BEGIN SUPPLIED DATA

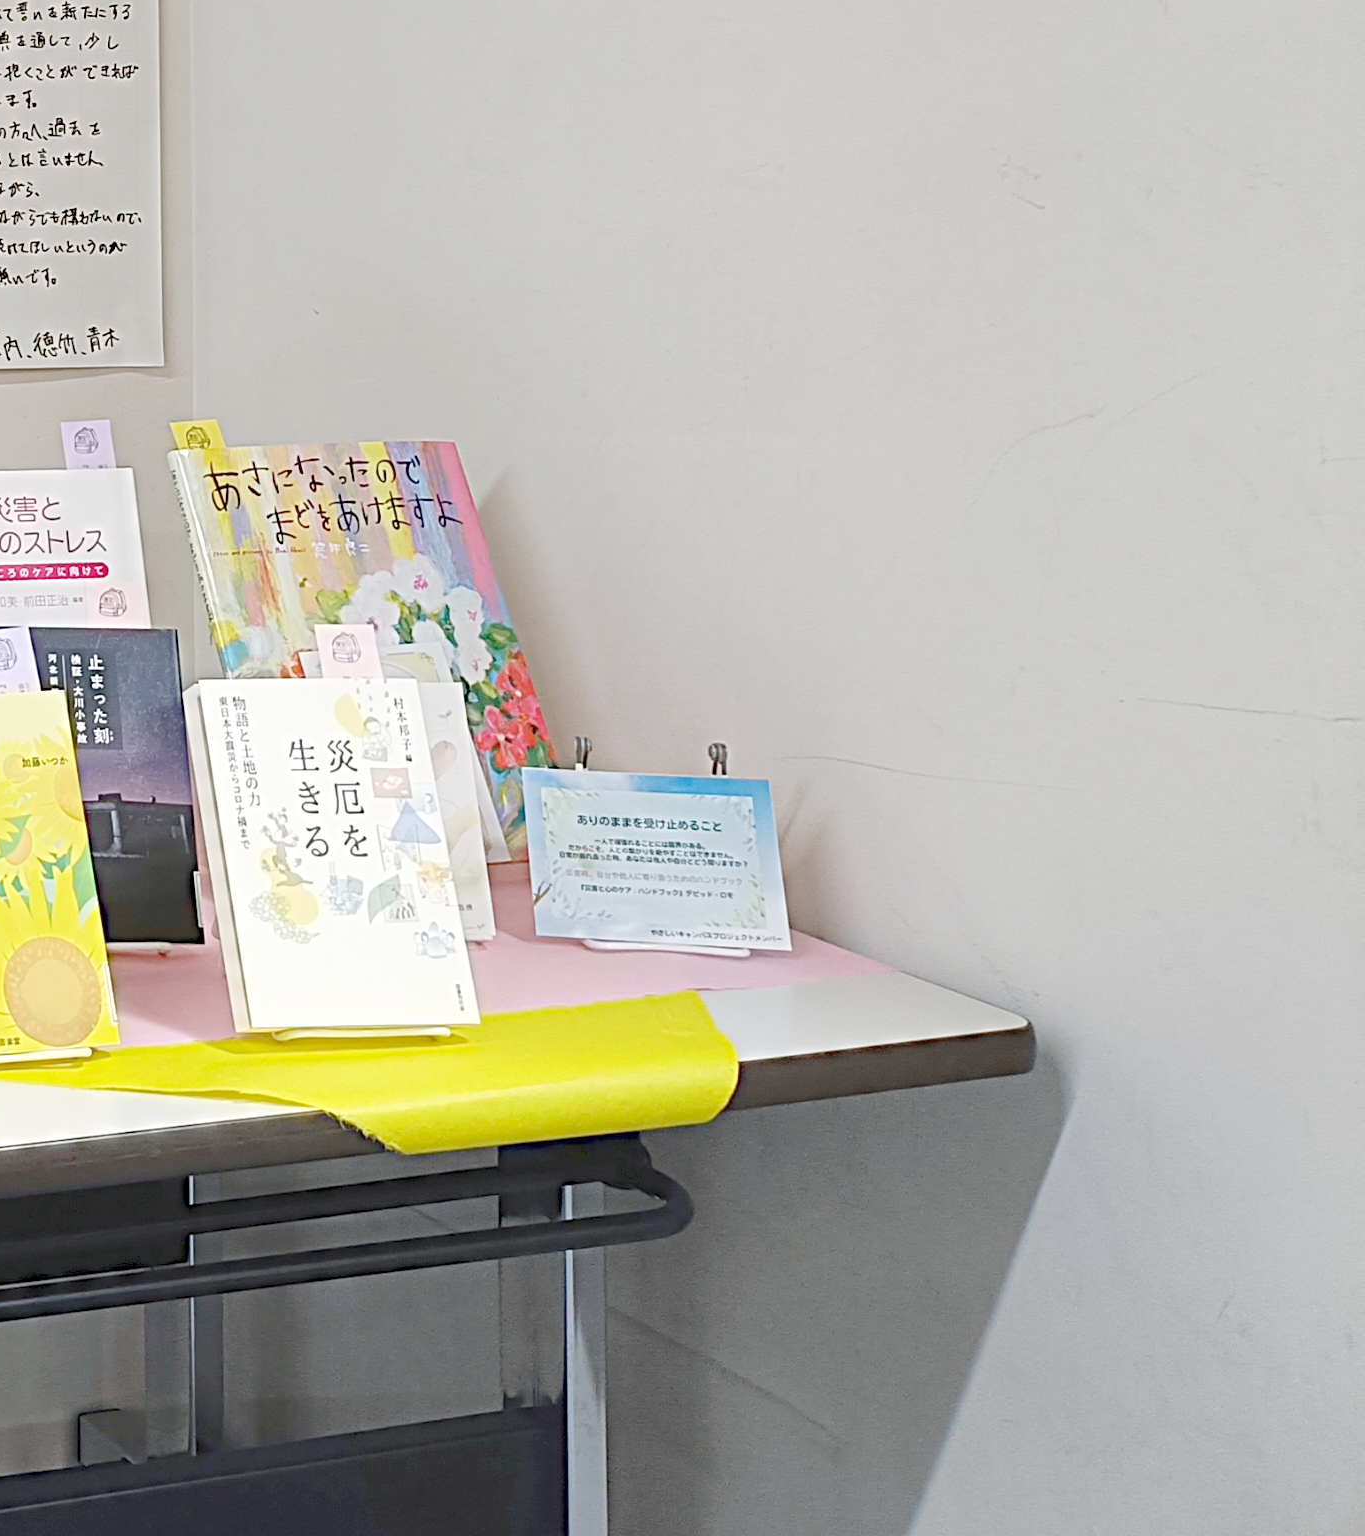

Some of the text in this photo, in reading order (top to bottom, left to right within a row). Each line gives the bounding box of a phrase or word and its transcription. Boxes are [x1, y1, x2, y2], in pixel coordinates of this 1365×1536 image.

[204, 455, 421, 512] あさになったので
[267, 493, 463, 545] まどをあけますよ
[71, 654, 87, 745] 検証・大川小事故
[88, 653, 112, 745] 止まった刻
[393, 697, 412, 751] 村本邦子
[22, 756, 68, 768] 加藤いつか
[233, 696, 260, 807] 物語と土地の力
[288, 739, 330, 858] 生きる
[327, 739, 369, 858] 災厄を
[577, 815, 722, 832] ありのままを受け止めること

END SUPPLIED DATA

ABOUT THIS EXERCISE ▸
A word-for-word transcription of the entries above, free of images, is what is wanted.

REPLY TO THE TASK ▸
Some of the text in this photo, in reading order (top to bottom, left to right within a row). Each line gives the bounding box of a phrase or word and its transcription. Boxes are [x1, y1, x2, y2], in pixel coordinates of this 1365×1536 image.

[204, 455, 421, 512] あさになったので
[267, 493, 463, 545] まどをあけますよ
[71, 654, 87, 745] 検証・大川小事故
[88, 653, 112, 745] 止まった刻
[393, 697, 412, 751] 村本邦子
[22, 756, 68, 768] 加藤いつか
[233, 696, 260, 807] 物語と土地の力
[288, 739, 330, 858] 生きる
[327, 739, 369, 858] 災厄を
[577, 815, 722, 832] ありのままを受け止めること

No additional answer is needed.